• ACTIVITY
All that is wanted is a word-for-word copy of the line with "this 1750×1166 image." and every line after it in the data below.

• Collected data
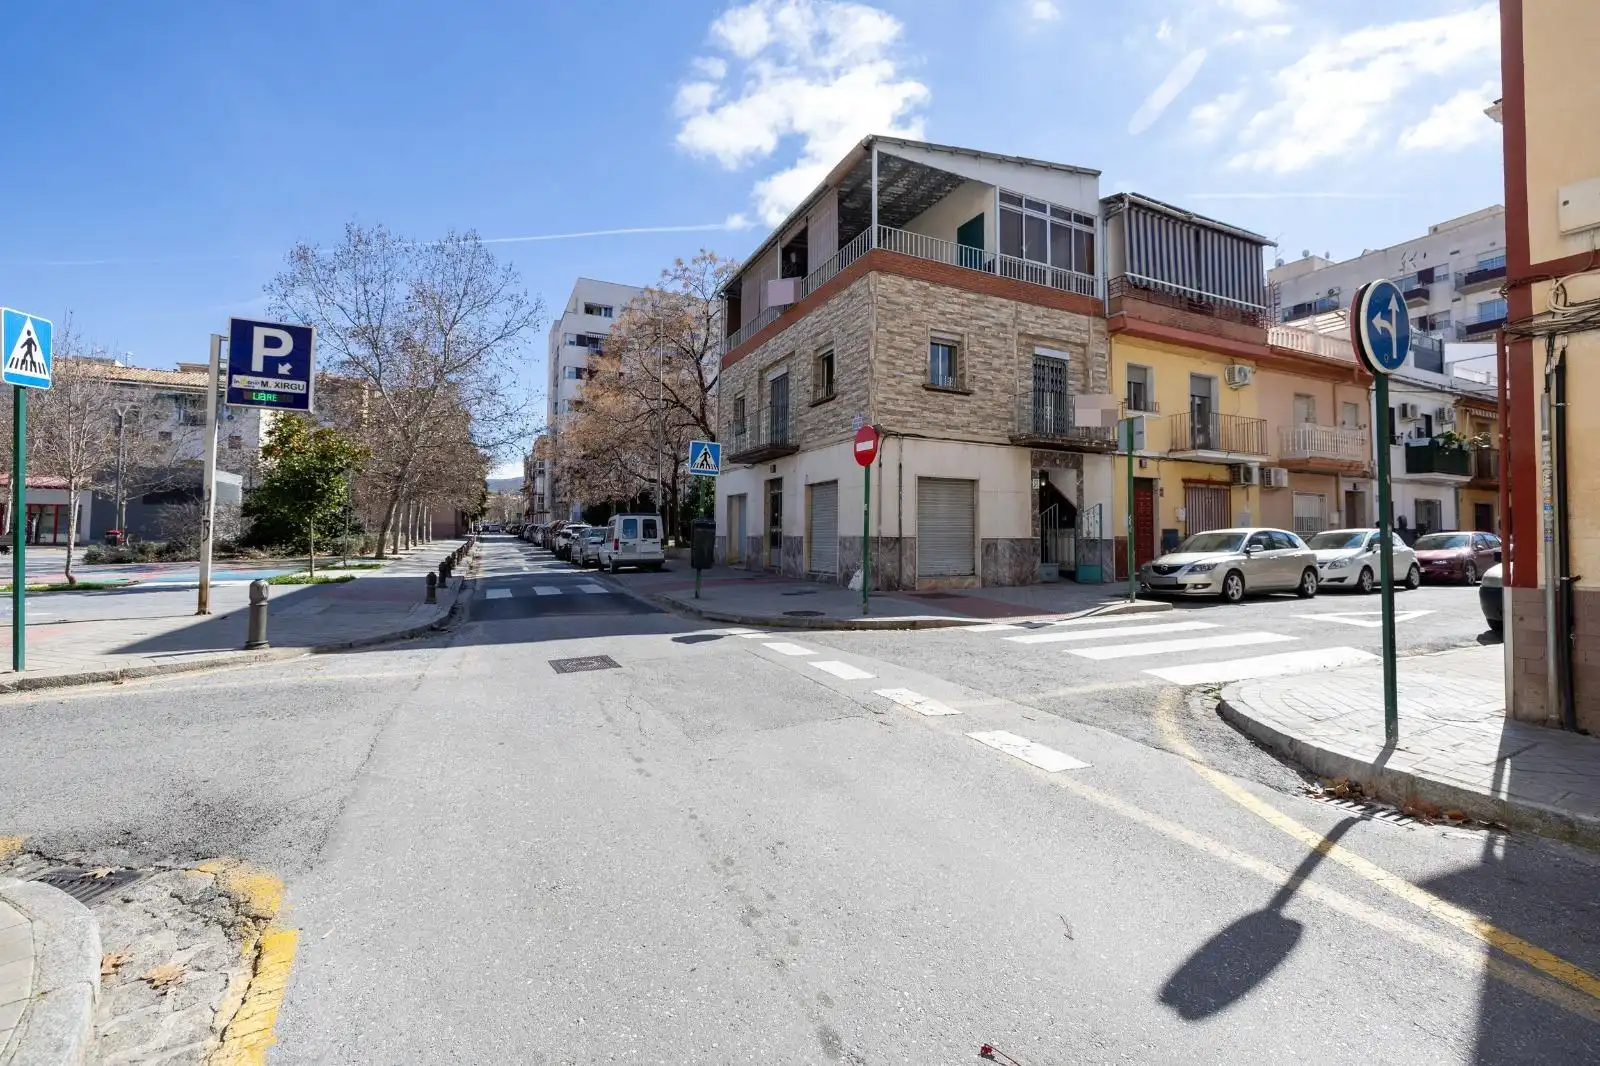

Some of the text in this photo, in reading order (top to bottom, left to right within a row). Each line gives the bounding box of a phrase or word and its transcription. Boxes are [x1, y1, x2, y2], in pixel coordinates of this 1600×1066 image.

[251, 326, 294, 373] P
[260, 380, 272, 389] M.
[274, 381, 305, 391] XIRGU
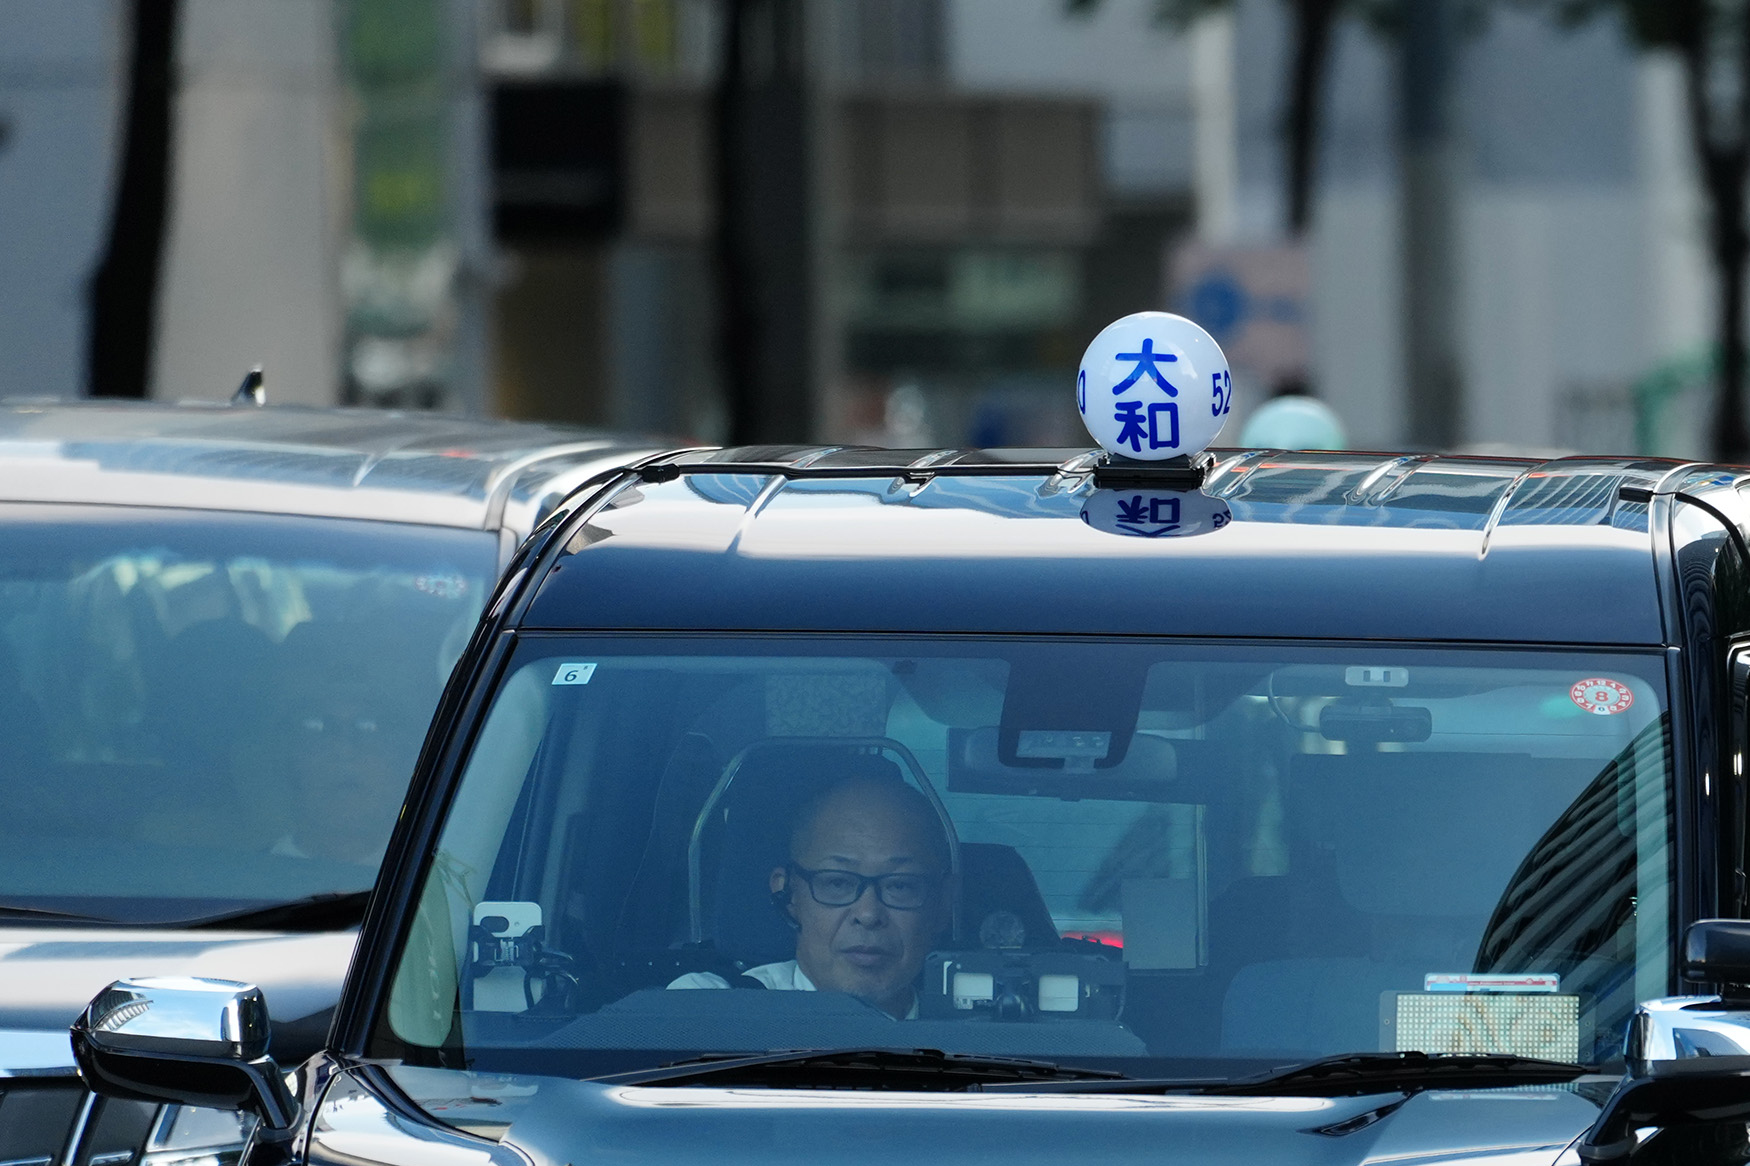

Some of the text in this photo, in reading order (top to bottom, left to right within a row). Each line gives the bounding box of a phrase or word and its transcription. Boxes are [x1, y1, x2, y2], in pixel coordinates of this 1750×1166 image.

[1112, 338, 1180, 452] 大和
[565, 670, 579, 682] 6
[1595, 691, 1609, 702] 8

• ANSWER BOX
Some of the text in this photo, in reading order (top to bottom, left to right within a row). Each line gives the bounding box of a phrase or word and its transcription. Boxes are [x1, y1, x2, y2], in pixel coordinates of this 1750×1166 image.

[1112, 338, 1180, 452] 大和
[565, 670, 579, 682] 6
[1595, 691, 1609, 702] 8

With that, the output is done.